La mansión era un laberinto de secretos. Durante mis primeros dos días como niñera, me dediqué a ser invisible, tal como le prometí a la impostora. Observaba, tomaba notas mentales y, sobre todo, escuchaba.

La vida de Jeremy era una jaula de oro. Mi hermana se encargaba de mantener la fachada frente a los vecinos, pero en la intimidad, su desdén por los niños y por el propio Jeremy era evidente. La veía tirar las cartas del banco sin abrirlas, hablar por teléfono con un tono de voz que nunca usaba con él, y sobre todo, la veía evitar el ala oeste de la casa: nuestra antigua habitación.

Esa era mi oportunidad.

Aproveché que ella había salido a sus "compras" habituales y que Jeremy estaba en el despacho gestionando propiedades. Subí al ala oeste, moviéndome como un espectro. La puerta estaba cerrada con llave, un detalle que me confirmó que ella tenía algo que esconder. Pero yo conocía esta casa mejor que nadie; conocía el cajón secreto donde guardábamos la llave de emergencia.

El metal frío de la llave en mi mano me devolvió a la vida. Al girarla, el click resonó como un disparo en el silencio del pasillo.

La habitación estaba intacta, pero algo estaba mal. Había una caja fuerte empotrada en el armario, detrás de una pintura. La impostora no era precavida, pero sí codiciosa. Me acerqué y probé la combinación que solíamos usar: el cumpleaños de los niños. Falló. Probé el aniversario de bodas. Falló.

Entonces, recordé algo. El día del incendio, ella estaba obsesionada con un documento de seguros. Probé la fecha de aquel maldito día.

La caja se abrió con un siseo metálico.

Dentro no había joyas, ni dinero. Había un fajo de documentos legales: una serie de pagarés, un poder notarial falso y, lo que me hizo dejar de respirar, un certificado de defunción falsificado a mi nombre, con la firma de un médico al que yo nunca había visto. Mi hermana no solo me había reemplazado; había orquestado mi muerte legal para asegurarse de que nadie pudiera cuestionar su identidad.

—¿Qué estás haciendo aquí?

La voz de Jeremy me heló la sangre. Me giré bruscamente, cerrando la caja con un golpe seco, pero el daño estaba hecho. Él estaba parado en el umbral, su mirada gris recorriendo la habitación, luego la caja abierta, y finalmente, mis ojos.

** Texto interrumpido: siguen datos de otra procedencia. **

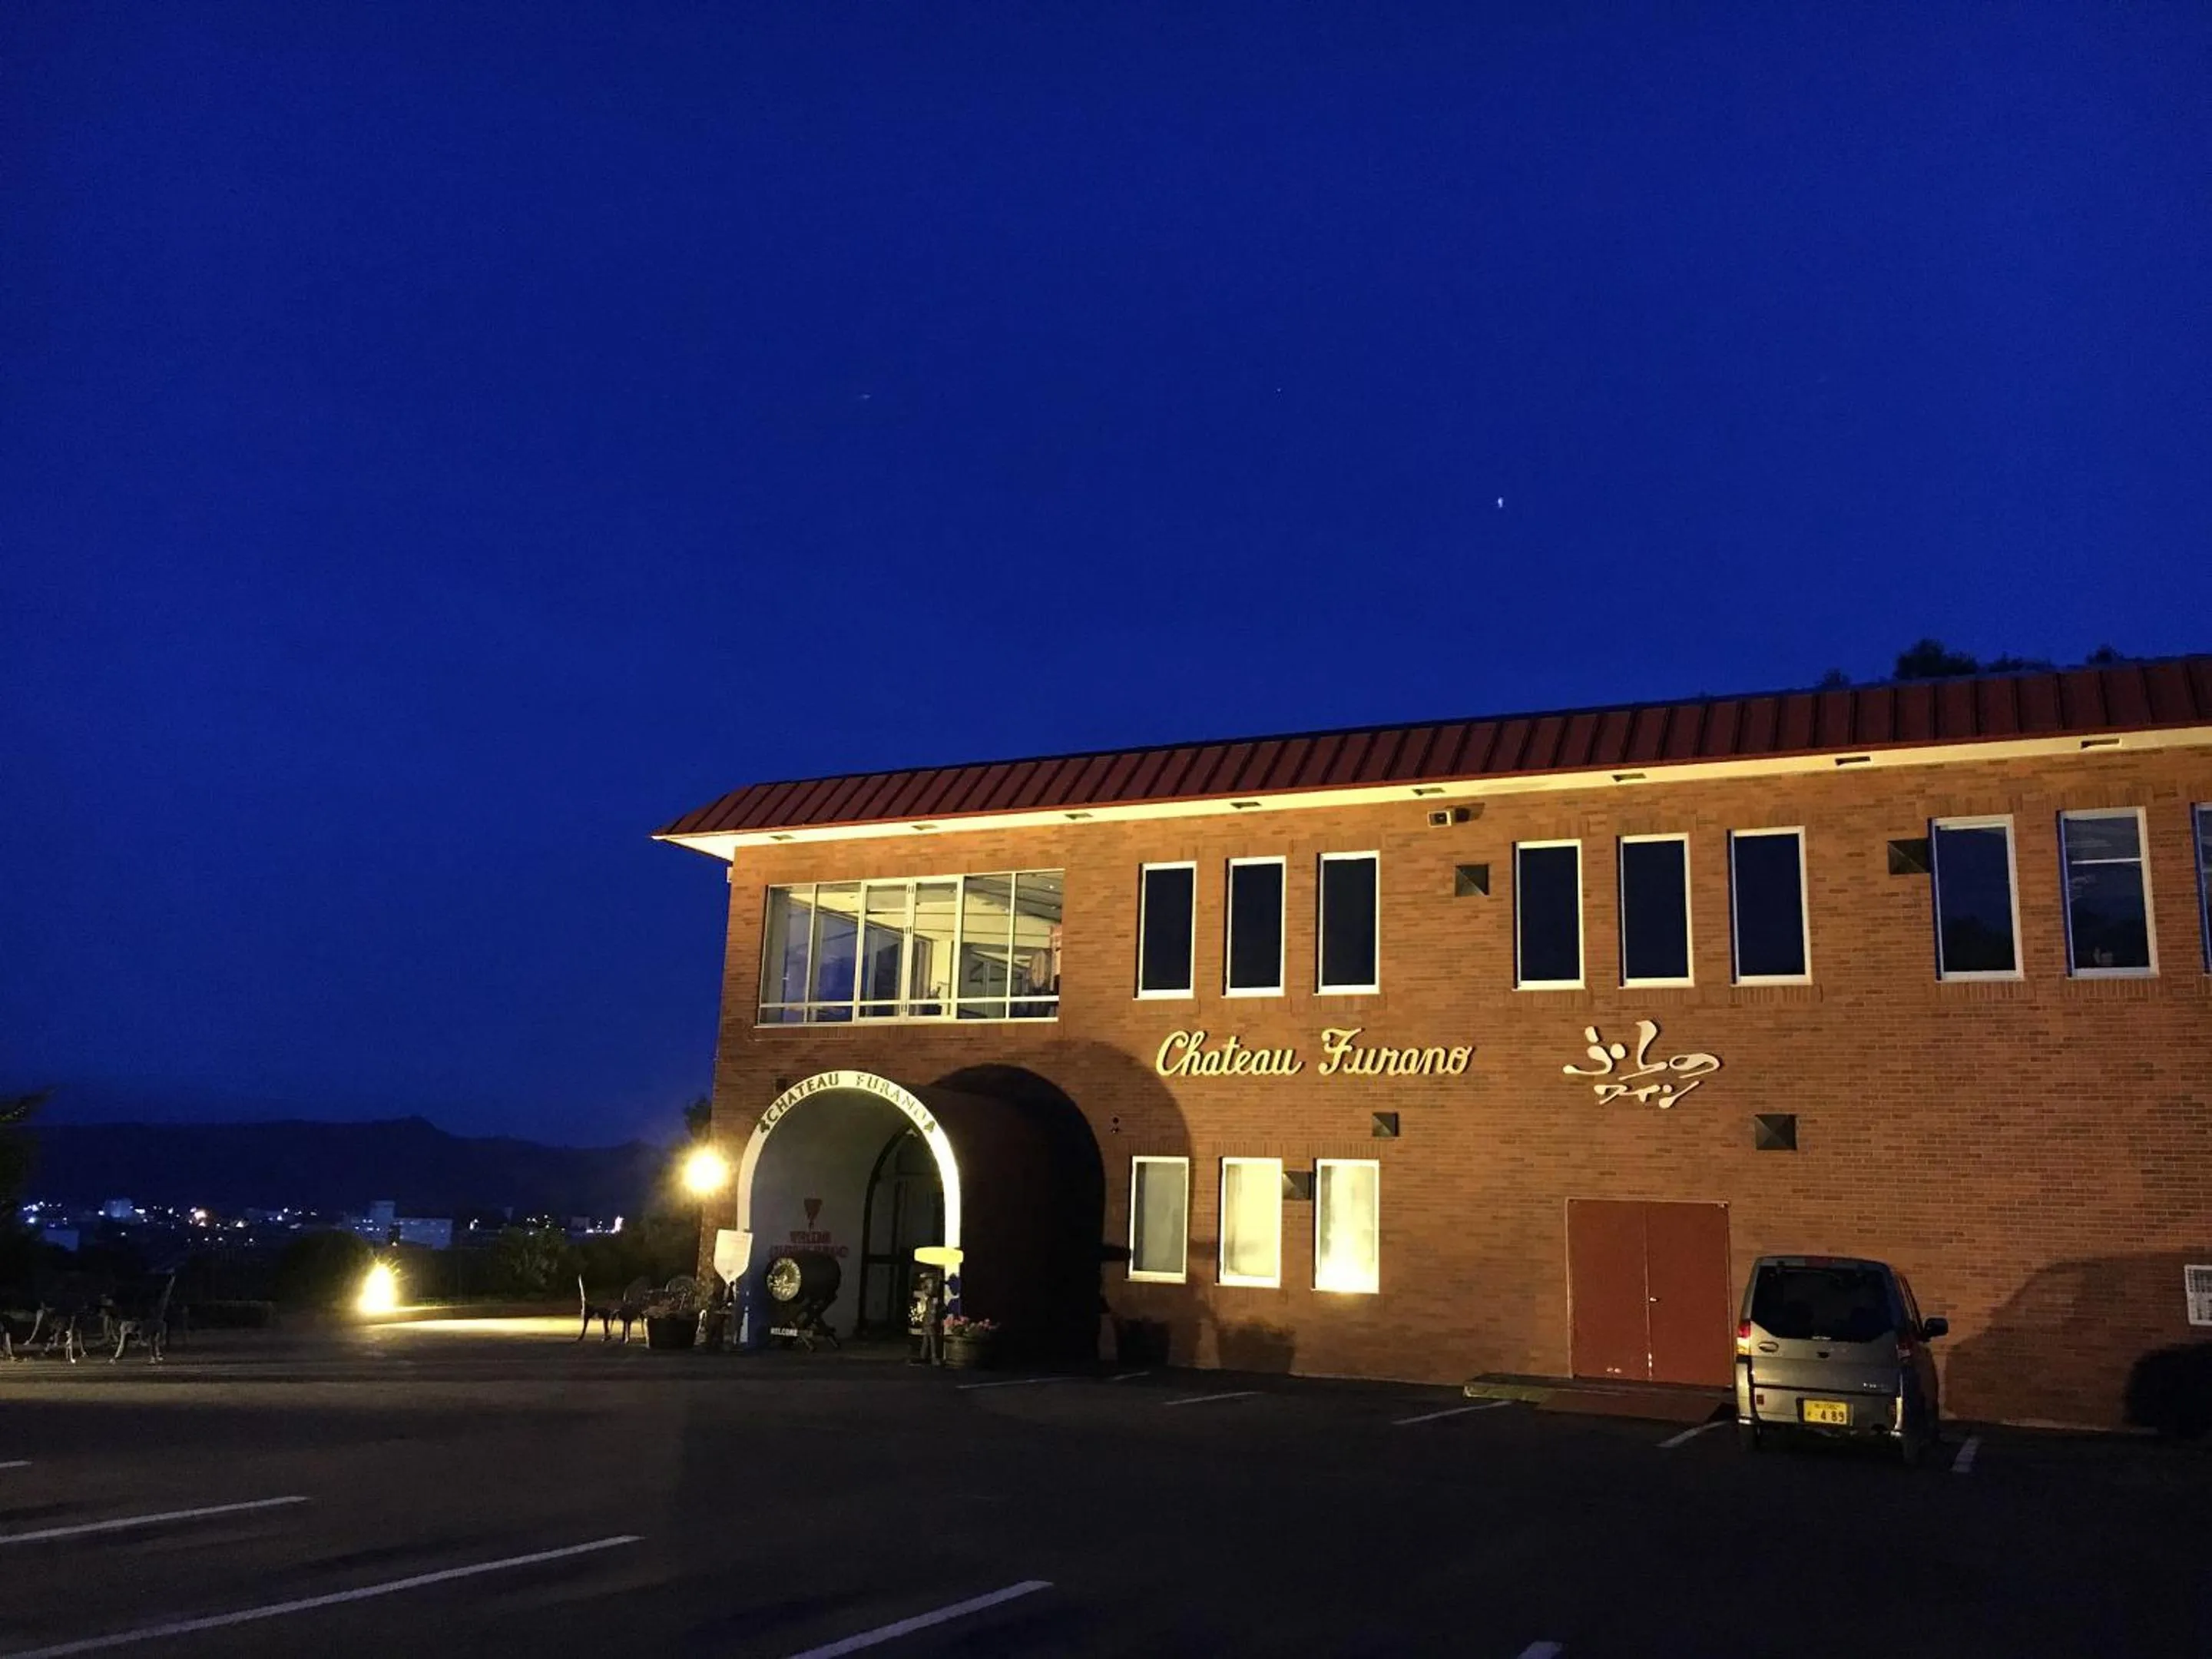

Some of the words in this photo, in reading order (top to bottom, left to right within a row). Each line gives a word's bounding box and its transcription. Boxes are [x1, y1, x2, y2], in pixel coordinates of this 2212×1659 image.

[1155, 1029, 1304, 1076] Chateau
[1318, 1027, 1473, 1076] Furano
[769, 1073, 839, 1123] CHATEAU
[856, 1074, 926, 1121] FURANO
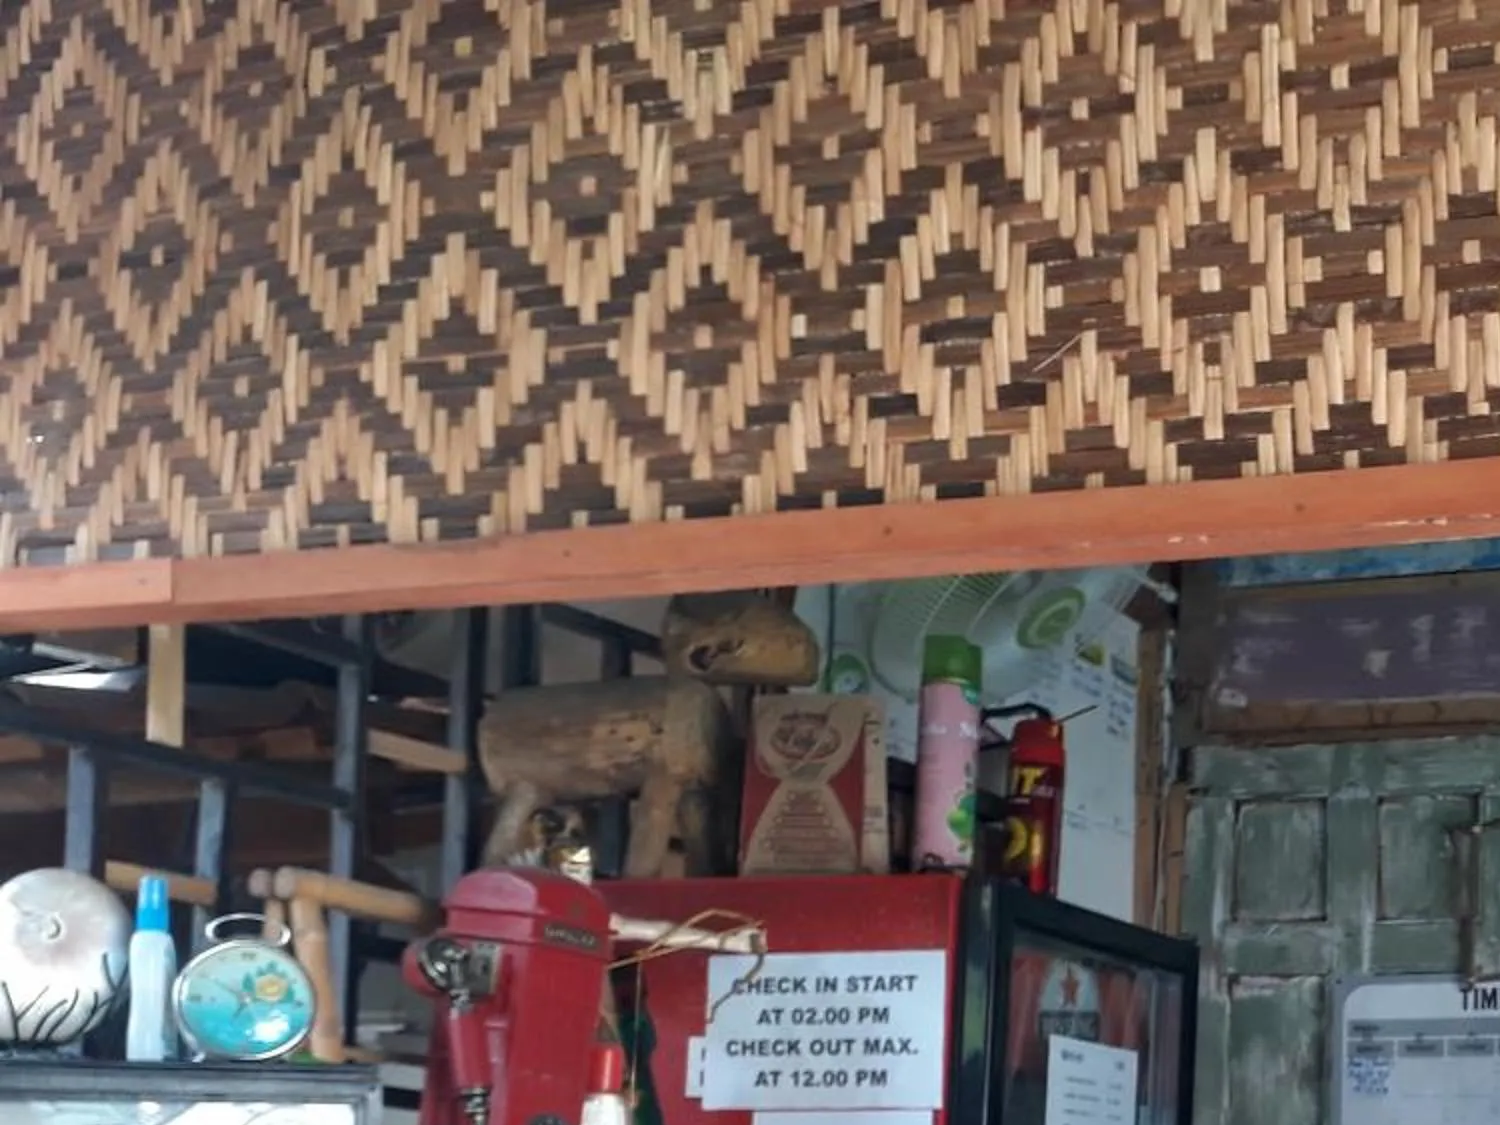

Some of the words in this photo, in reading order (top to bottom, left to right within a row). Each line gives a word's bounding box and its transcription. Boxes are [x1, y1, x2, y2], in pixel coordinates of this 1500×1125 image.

[732, 976, 807, 994] CHECK
[815, 976, 838, 993] IN
[846, 975, 918, 992] START
[757, 1009, 784, 1025] AT
[791, 1008, 850, 1025] 02.00
[858, 1007, 890, 1024] PM
[725, 1039, 801, 1057] CHECK
[809, 1038, 856, 1056] OUT
[863, 1037, 918, 1055] MAX.
[754, 1070, 781, 1088] AT
[791, 1069, 848, 1087] 12.00
[855, 1069, 888, 1087] PM

Esto era lo que había venido a buscar: el certificado de defunción falsificado a mi nombre. El documento que probaba que mi hermana no solo me había reemplazado, sino que me había borrado legalmente de la existencia.

—Yo... —intenté balbucear, sintiendo cómo el mundo se tambaleaba.

Jeremy dio un paso adelante; su expresión era indescifrable. Miró los papeles que sobresalían de la caja. El silencio se volvió tan espeso que podía sentir cómo el corazón me golpeaba contra las costillas.

—¿Por qué tienes la llave de esta habitación, Francisca? —su voz era un cuchillo—. Y más importante... ¿qué sabes tú de lo que hay en esa caja?

Estaba acorralada. Si le contaba la verdad en ese instante, era probable que me tomara por loca y me expulsara antes de que pudiera probar algo. Si mentía, perdería su confianza para siempre.

—Jeremy —dije, dando un paso hacia él, obligándolo a mirarme—. No te he contado toda la verdad sobre por qué volví. Y creo que tú tampoco me has contado todo lo que sospechas sobre la mujer que vive en esta casa.

Jeremy se tensó sus manos apretando el marco de la puerta. Sabía que estaba al borde de descubrir el engaño, pero necesitaba más. Necesitaba que él, por sí mismo, viera la traición en su propia casa.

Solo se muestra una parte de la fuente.